International digital library operated by the UNESCO

The World Digital Library (WDL) is an international digital library originally administered by UNESCO and the United States Library of Congress. It is now maintained by the Library of Congress.

The WDL has stated that its mission is to promote international and intercultural understanding, expand the volume and variety of cultural content on the Internet, provide resources for educators, scholars, and general audiences, and to build capacity in partner institutions to narrow the digital divide within and among countries. It aims to expand non-English and non-western content on the Internet, and contribute to scholarly research. The library intends to make available on the Internet, free of charge and in multilingual format, significant primary materials from cultures around the world, including manuscripts, maps, rare books, musical scores, recordings, films, prints, photographs, architectural drawings, and other significant cultural materials.

The WDL opened with 1,236 items. Over time it grew to include more than 19,000 items from nearly 200 countries, dating back to 8,000 BCE.

==History and concept==

After almost 20 years without participation, the United States re-established its permanent delegation to the United Nations Educational, Scientific and Cultural Organization (UNESCO) in 2003. James H. Billington, Librarian of Congress, was nominated as a commissioner of the U.S. National Commission to UNESCO and was invited to give a plenary speech at its inaugural conference in June 2005. His speech, entitled A View of the Digital World Library, described a vision in which the rich collections that "institutions, libraries, and museums have preserved could be given back to the world free of charge and in a new form far more universally accessible than any forms that have preceded it."

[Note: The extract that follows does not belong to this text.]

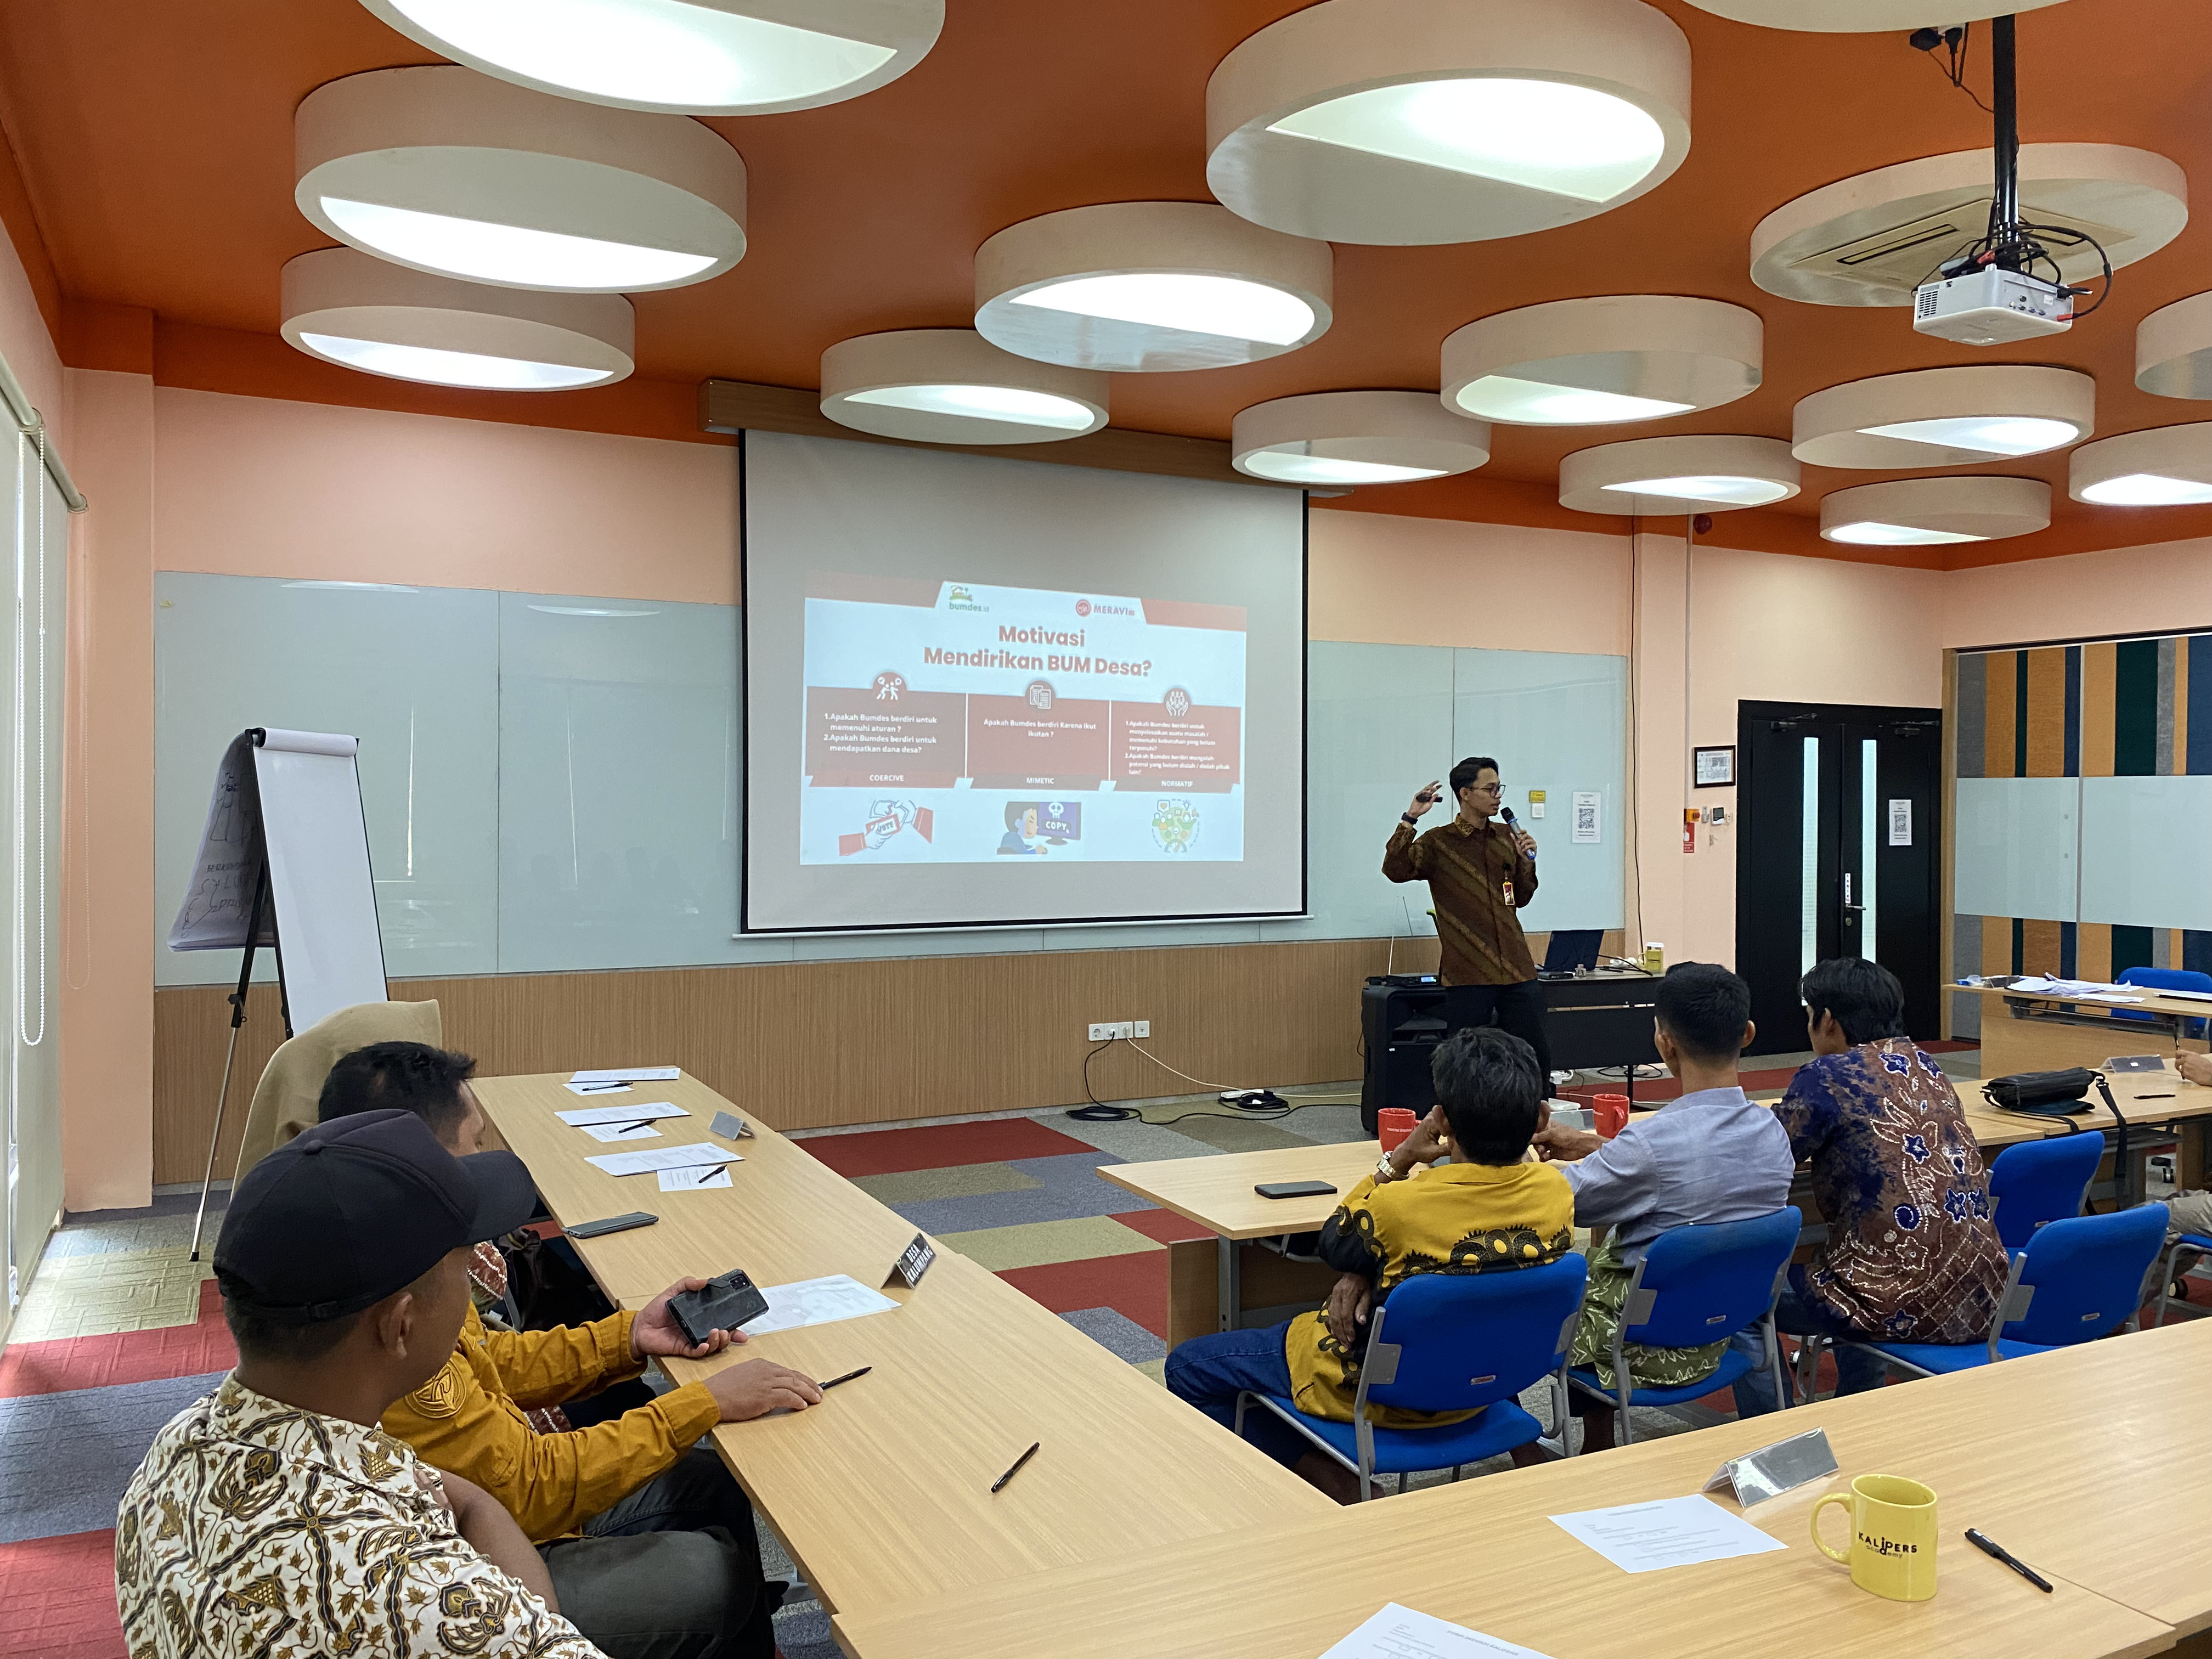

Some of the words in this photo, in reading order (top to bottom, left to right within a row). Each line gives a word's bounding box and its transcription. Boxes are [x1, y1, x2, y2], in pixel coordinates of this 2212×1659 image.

Google Inc. became the first partner of this public–private partnership and donated $3 million to support development of the World Digital Library in 2005.

Everybody's welcome. This is not a private club. Everybody's welcome to participate and it's all free.
— —James H. Billington,
Library of Congress

At the National Commission's 2006 annual conference, John Van Oudenaren, Senior Advisor for the World Digital Library at the Library of Congress, outlined a project plan for bringing Billington's vision to fruition. Foremost was the belief that the World Digital Library should engage partners in planning the four main project areas: technical architecture, selection, governance, and funding. This was achieved in December 2006, when 45 national library directors, library technical directors, and cultural and educational representatives from UNESCO met in Paris to discuss the development of the World Digital Library. The participants formed working groups to address the special challenges of each of the four project areas.

The working groups met in the first half of 2007 and included professionals in the field of digital libraries – including computer science, library and information science, Web development, and fundraising. The working groups presented their findings to the larger WDL group in July 2007. Findings from this planning process were presented at the thirty-fourth session of the UNESCO General Conference in October 2007 in Paris, France.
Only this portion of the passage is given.